One of my friends confided that he was annoyed at his partner, who was his new work from home office mate. Why? She had a tendency to barge into her home office to rant about her coworkers. While my friend was irritated, he also acknowledged that his partner was an extrovert and probably had been feeling undersocialized. If your significant other or roommate is doing something that bothers you, chances are they aren’t intentionally trying to push your buttons. Try to see where they’re coming from.

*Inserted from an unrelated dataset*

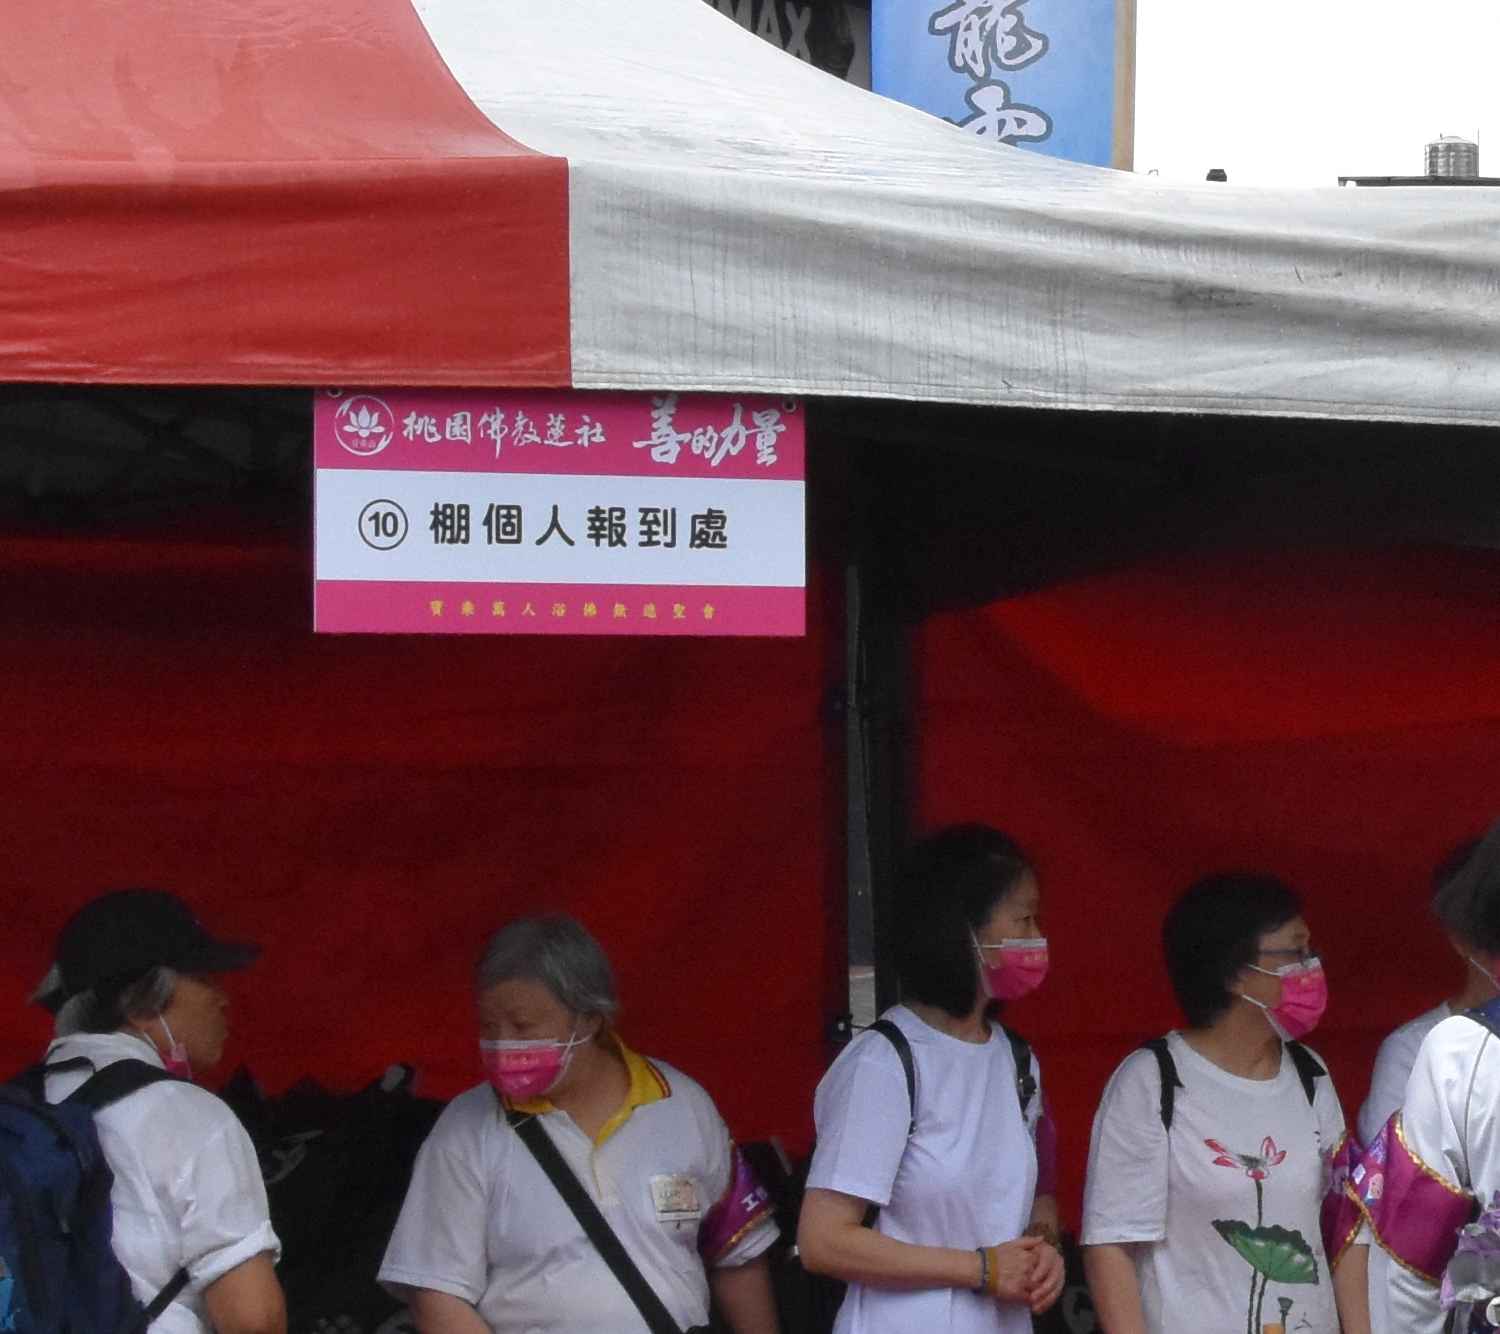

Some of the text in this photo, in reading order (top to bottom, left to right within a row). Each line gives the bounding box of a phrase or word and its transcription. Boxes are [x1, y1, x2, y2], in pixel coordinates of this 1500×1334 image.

[402, 394, 786, 467] 桃園佛教蓮社 善的力量
[429, 502, 729, 550] 棚個人報到處

During quarantine, there’s been a significant shift for many folks in terms of their routines. People might be missing their lunch buddies, morning workouts at the gym, or the daily chat with their favorite barista. If your roomie is missing their daily scoop of gossip from coworkers, they might unintentionally disrupt you because their social needs might not be met. These drastic changes require everyone to have a little more understanding, patience, and empathy.
And as co-working spaces and coffee shops aren’t available options, we’ll need to do our best to carve our areas in our homes to work out of. We’ll need to set boundaries with both ourselves and those we share a roof with. And beyond that, we want to be mindful of how these changes affect our moods, routines, and productivity, for both ourselves and those around us.